YOUR GOAL:
The required output is the line that contains "this 1600×1200 image." through the last line of the data, retyped verbatim and with nothing added.

[Free-text object descriptions]
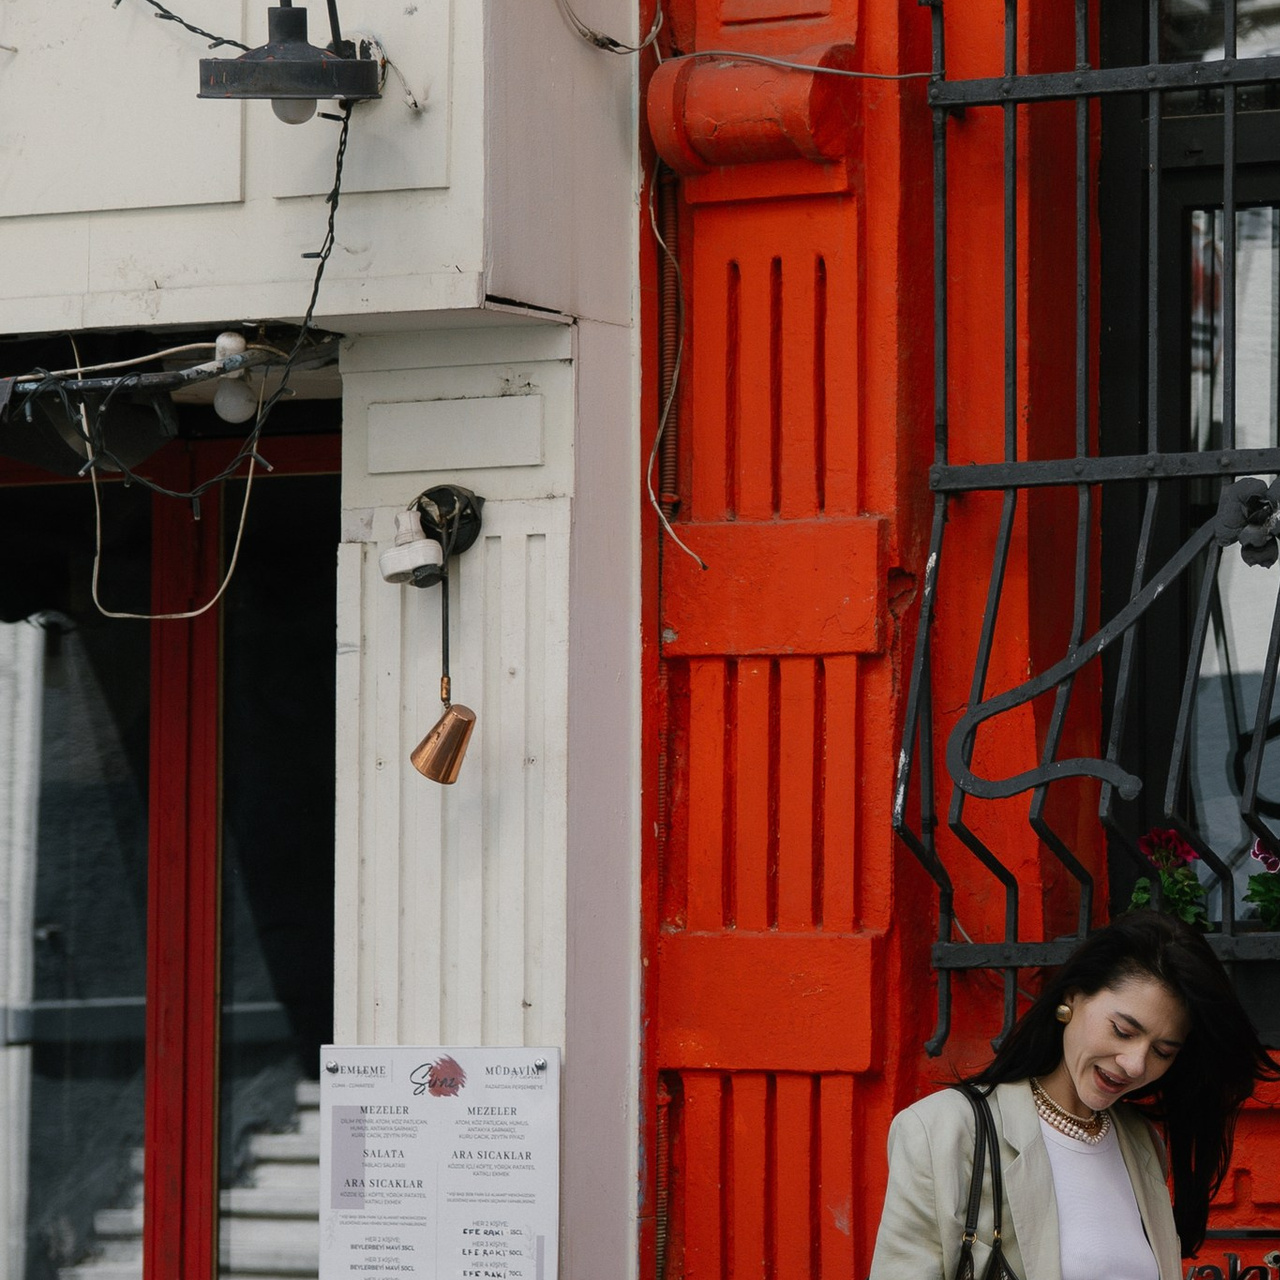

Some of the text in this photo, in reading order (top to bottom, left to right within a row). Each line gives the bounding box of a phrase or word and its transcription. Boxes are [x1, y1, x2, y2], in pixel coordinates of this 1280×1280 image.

[338, 1065, 386, 1075] EMLEME
[360, 1105, 409, 1115] MEZELER
[467, 1106, 517, 1116] MEZELER
[363, 1149, 405, 1158] SALATA
[451, 1151, 532, 1160] ARA SICAKLAR
[344, 1179, 423, 1188] ARA SICAKLAR
[463, 1228, 480, 1236] EFE
[483, 1228, 504, 1236] RAKI
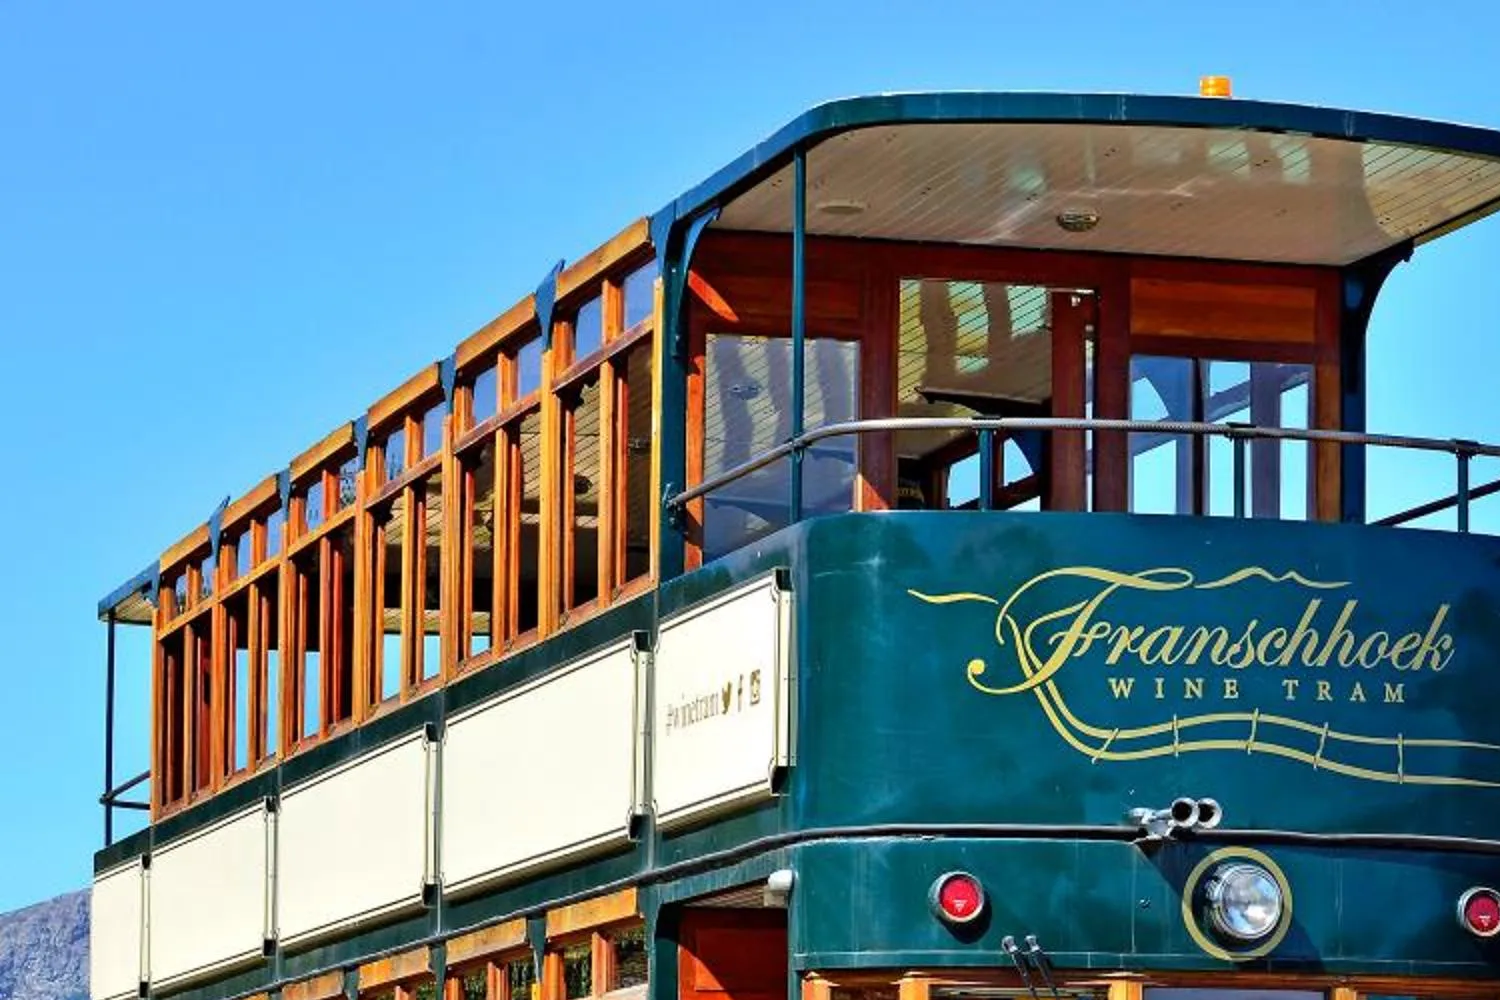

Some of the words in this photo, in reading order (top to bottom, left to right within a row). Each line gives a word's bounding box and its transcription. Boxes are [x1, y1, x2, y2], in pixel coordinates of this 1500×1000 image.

[967, 566, 1454, 693] Franschhoek
[1109, 677, 1239, 700] WINE
[1283, 679, 1406, 704] TRAM
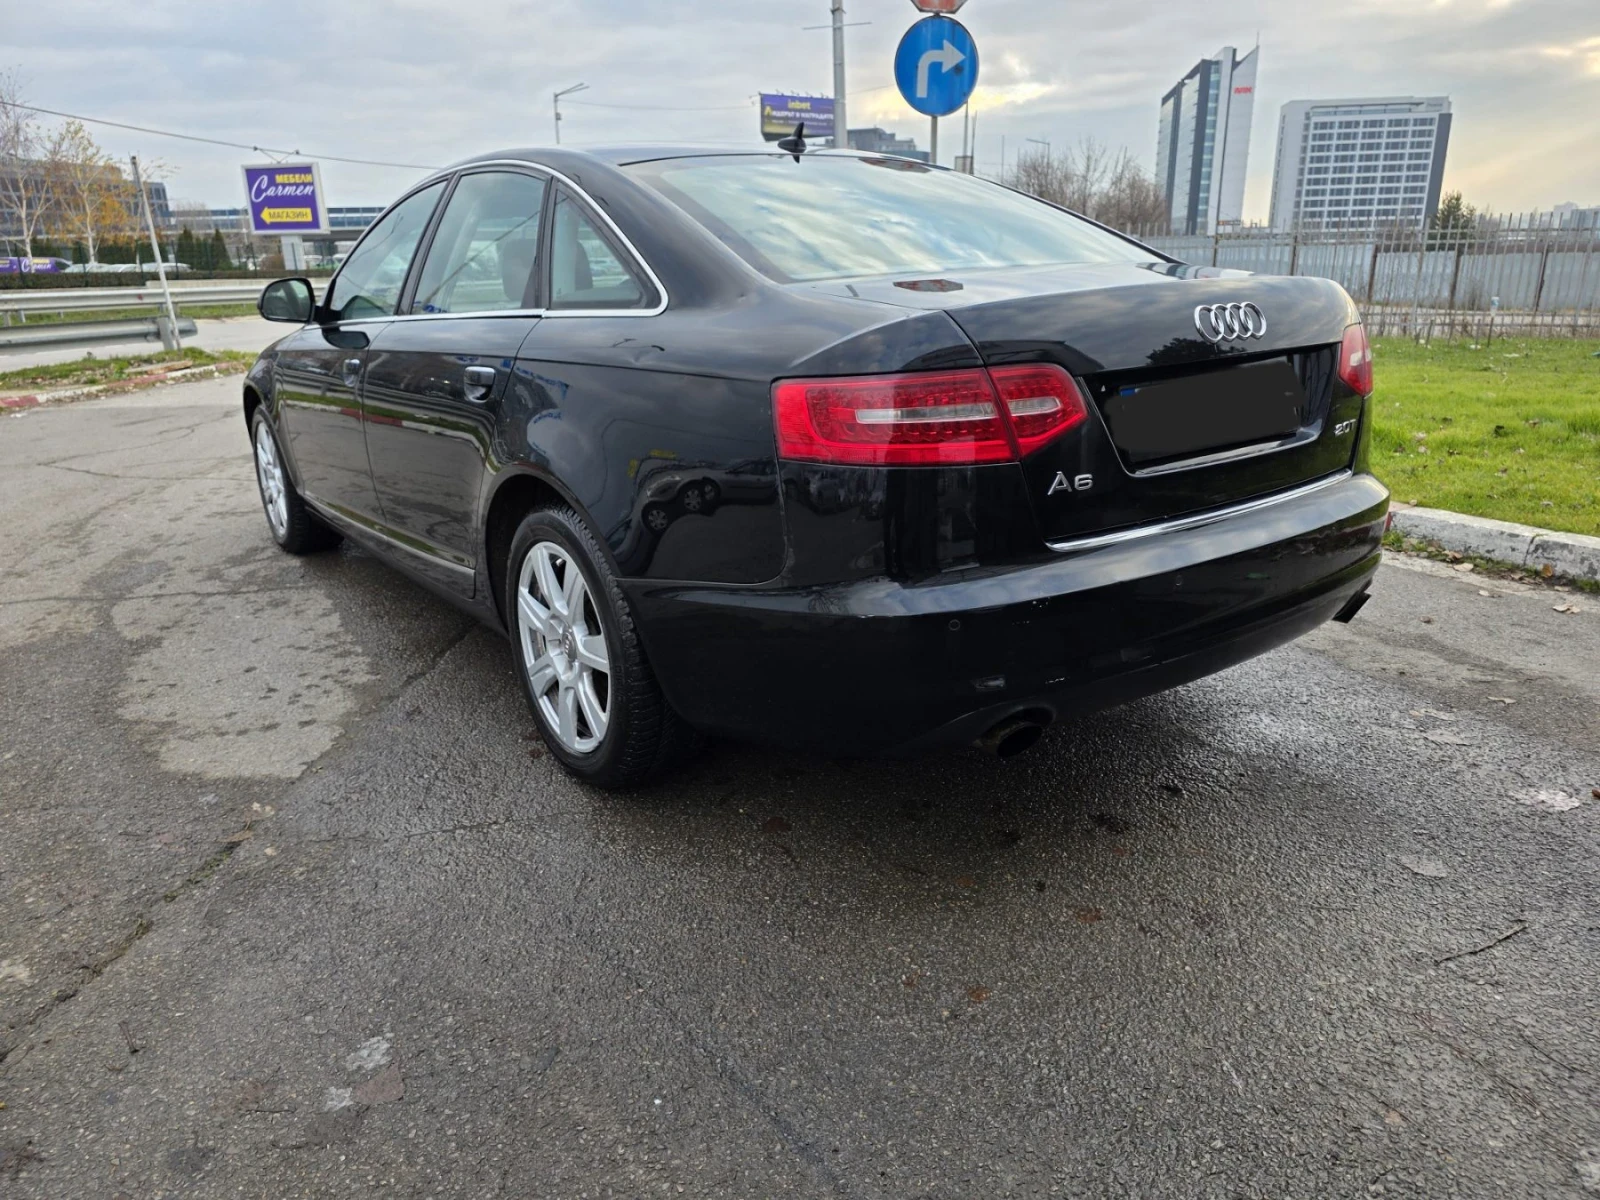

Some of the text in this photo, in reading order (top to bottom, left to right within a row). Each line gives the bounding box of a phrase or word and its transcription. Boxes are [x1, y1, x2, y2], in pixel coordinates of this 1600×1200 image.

[275, 173, 313, 184] МЕБЕЛИ
[251, 174, 314, 202] Carmen
[268, 210, 308, 219] МАГАЗИН
[1047, 470, 1093, 496] A6

RESPONSE TO THIS EXERCISE:
Some of the text in this photo, in reading order (top to bottom, left to right within a row). Each line gives the bounding box of a phrase or word and its transcription. Boxes are [x1, y1, x2, y2], in pixel coordinates of this 1600×1200 image.

[275, 173, 313, 184] МЕБЕЛИ
[251, 174, 314, 202] Carmen
[268, 210, 308, 219] МАГАЗИН
[1047, 470, 1093, 496] A6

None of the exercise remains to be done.